Nahuatl is among the most widely spoken of nearly 70 living Indigenous languages officially recognized by Mexico’s government, with almost 1.4 million speakers today. Many Nahuatl words have been incorporated into English, including avocado, chocolate, chile, coyote, and tomato.

For years, students have approached the Center for Latin American Studies at UC Berkeley requesting for-credit Nahuatl courses on campus. In Spring 2018, CLAS connected with its counterpart at the University of Utah to foster a teaching collaboration in Nahuatl. Utah’s CLAS had a preexisting partnership with Mexico’s Instituto de Docencia e Investigación Etnológica de Zacatecas (IDIEZ, Zacatecas Institute for Teaching and Research in Ethnology). Together, we set up a distance-learning, for-credit course in Nahuatl for UC Berkeley students, taught by an IDIEZ instructor in Utah.

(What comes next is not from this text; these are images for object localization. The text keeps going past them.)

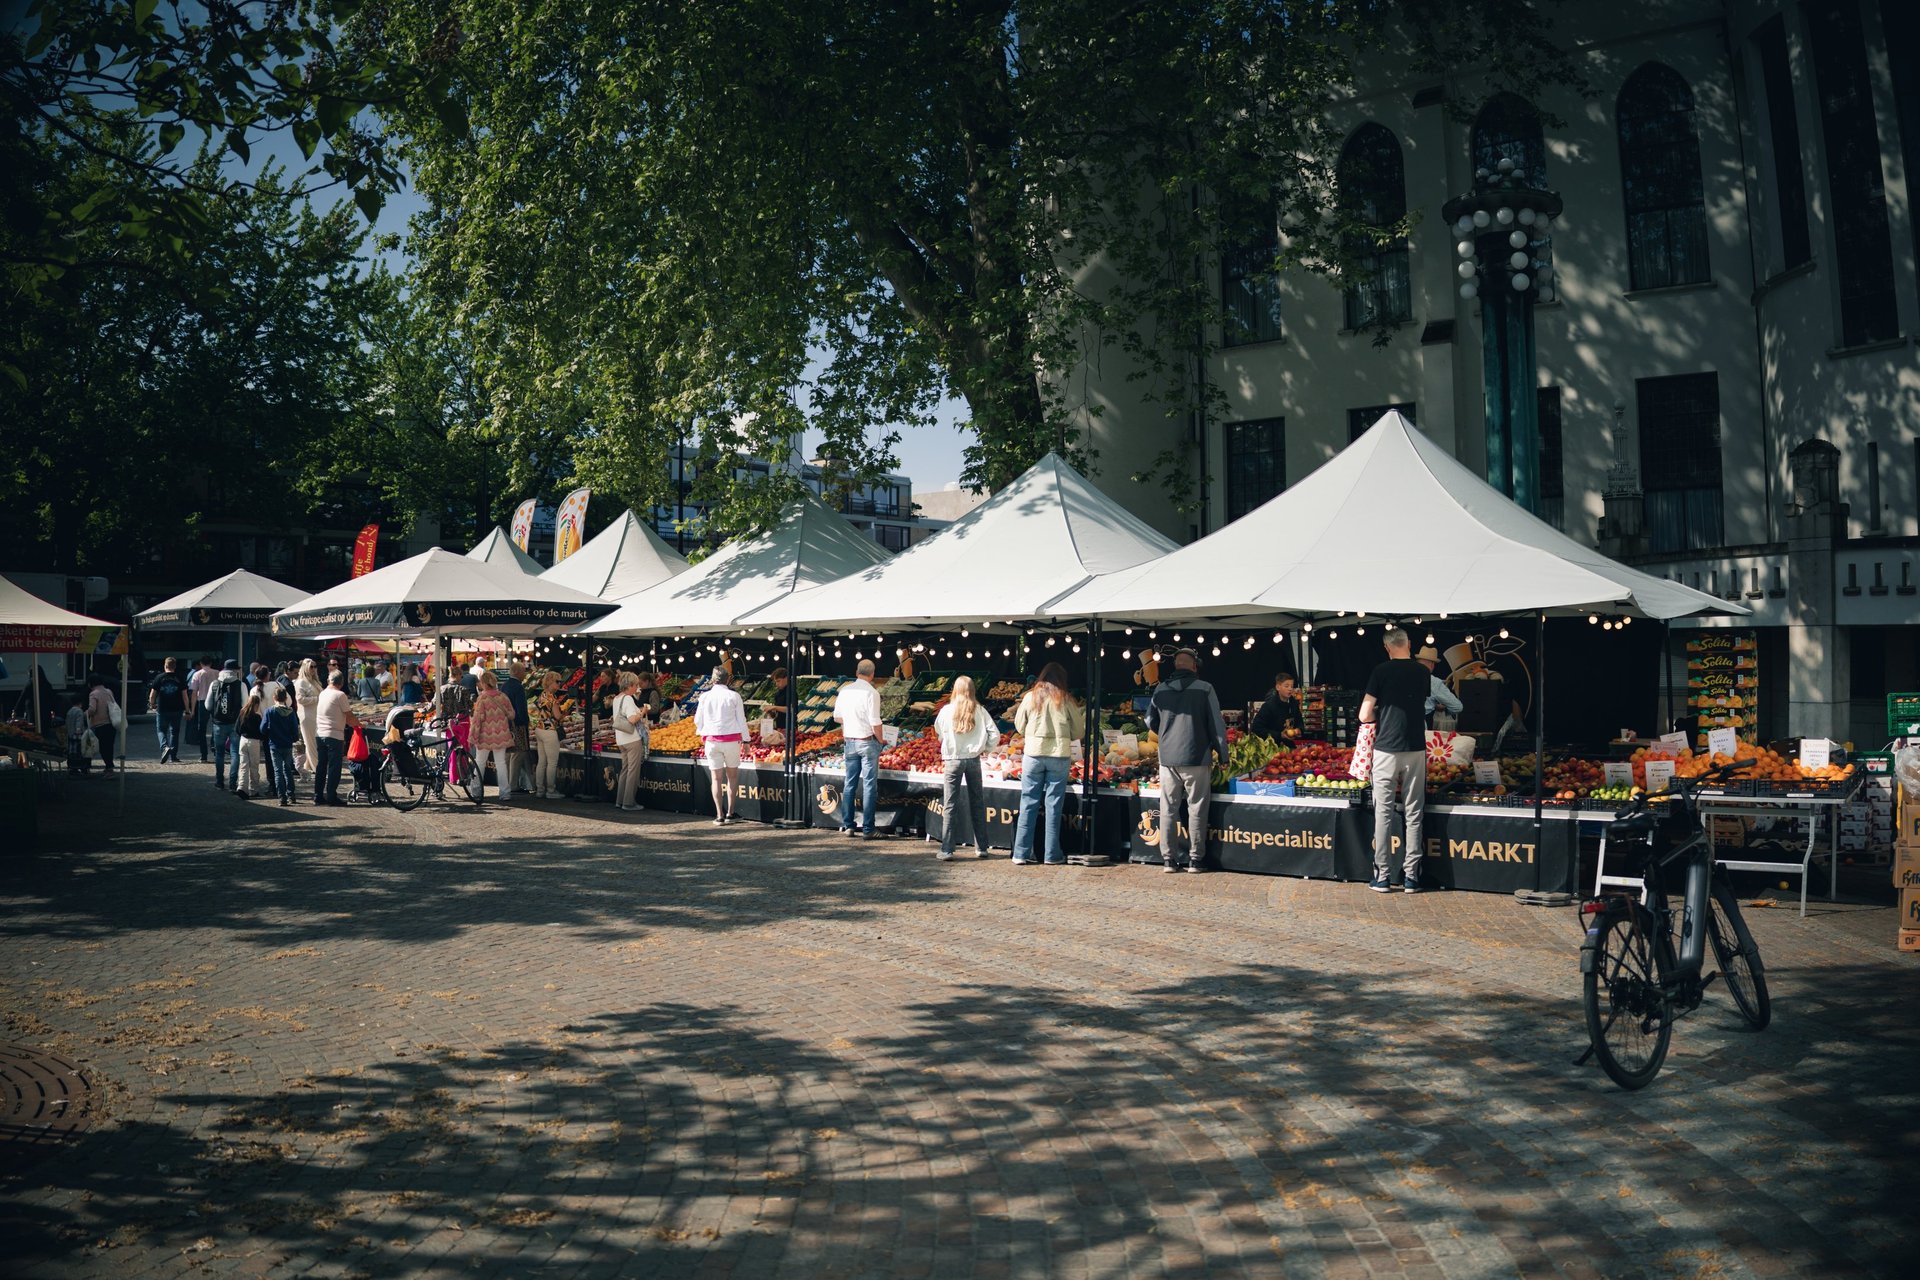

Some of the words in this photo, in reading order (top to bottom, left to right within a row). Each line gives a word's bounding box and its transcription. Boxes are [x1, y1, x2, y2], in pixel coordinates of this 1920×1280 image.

[220, 611, 234, 619] Uw
[290, 617, 300, 627] Uw
[300, 612, 337, 627] fruitspecialist
[337, 614, 346, 624] op
[346, 611, 354, 621] de
[354, 609, 374, 621] markt
[445, 608, 462, 617] Uw
[464, 606, 531, 620] fruitspecialist
[533, 608, 545, 618] op
[547, 606, 559, 617] de
[561, 608, 588, 619] markt
[34, 626, 53, 637] die
[55, 628, 85, 638] weet
[26, 636, 79, 649] betekent
[1701, 636, 1732, 650] Solita
[1702, 655, 1734, 669] Solita
[1702, 673, 1734, 688] Solita
[1710, 687, 1728, 696] Solita
[1710, 707, 1728, 716] Solita
[638, 776, 691, 794] uitspecialist
[749, 785, 786, 802] MARK
[1000, 808, 1019, 825] D
[1448, 838, 1537, 864] MARKT

For Indigenous and less-commonly taught languages, distance learning greatly multiplies access to the limited number of experienced instructors.

The course’s design proved prescient when the pandemic changed our world and education transitioned to “remote.” We offered Beginning Nahuatl in Fall 2020, taught by Abelardo de la Cruz de la Cruz, a Nahuatl native speaker from Tepoxteco, Chicontepec, Veracruz, and a Ph.D. Candidate in Anthropology. The excitement about the course was evident: 12 students enrolled, including three from UC Merced. A second semester course followed in Spring 2021.

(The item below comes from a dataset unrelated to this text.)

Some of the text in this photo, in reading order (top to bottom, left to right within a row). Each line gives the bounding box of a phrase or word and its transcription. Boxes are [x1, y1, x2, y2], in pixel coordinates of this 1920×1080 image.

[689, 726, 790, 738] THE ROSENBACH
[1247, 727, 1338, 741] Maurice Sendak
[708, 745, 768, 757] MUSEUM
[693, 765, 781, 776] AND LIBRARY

One of the students who has benefited from the Nahuatl courses is Everardo Reyes, a first-generation Ph.D. student at UC Berkeley in Ethnomusicology. Everardo’s primary research interest is how Indigenous musicians and activists in the Americas use sound to challenge settler-colonial borders around race, identity, nationality, gender, and sexuality. Knowledge of Nahuatl is necessary for his research, and CLAS is proud to be able to offer more courses next year.


LANGUAGE: Niahciz, I Will Arrive: A Song for the Future From the Past
By Everardo Reyes

A lexicon of Rarámuri words and their Spanish translation form a mural in Chihuahua, Mexico. (Photo by Malcolm K.)

First Chorus: The Past

The warm grains of sand swish under our feet as we walk through the New Mexico desert. My grandfather kneels next to me as his hands wrap around a dry weed. This memory rattles like an old film reel at the end of a movie. He shares with me a message, a way of knowing, a philosophy about the desert. I often share this story with my son, never really sure if it will take hold the same way. I keep my grandfather’s words close to me: not all things are up for academic extraction.

First Verse: Connections

I have a personal connection to Indigenous language. My grandfather spoke Rarámuri. Although he kept the details of his Indigenous heritage from his children, he could never hide his excitement when speaking Rarámuri with the community on family visits to Chihuahua, a state in northern Mexico. By the time I was born, my grandfather had gone entirely deaf, so the only communication I had with him was through sign language.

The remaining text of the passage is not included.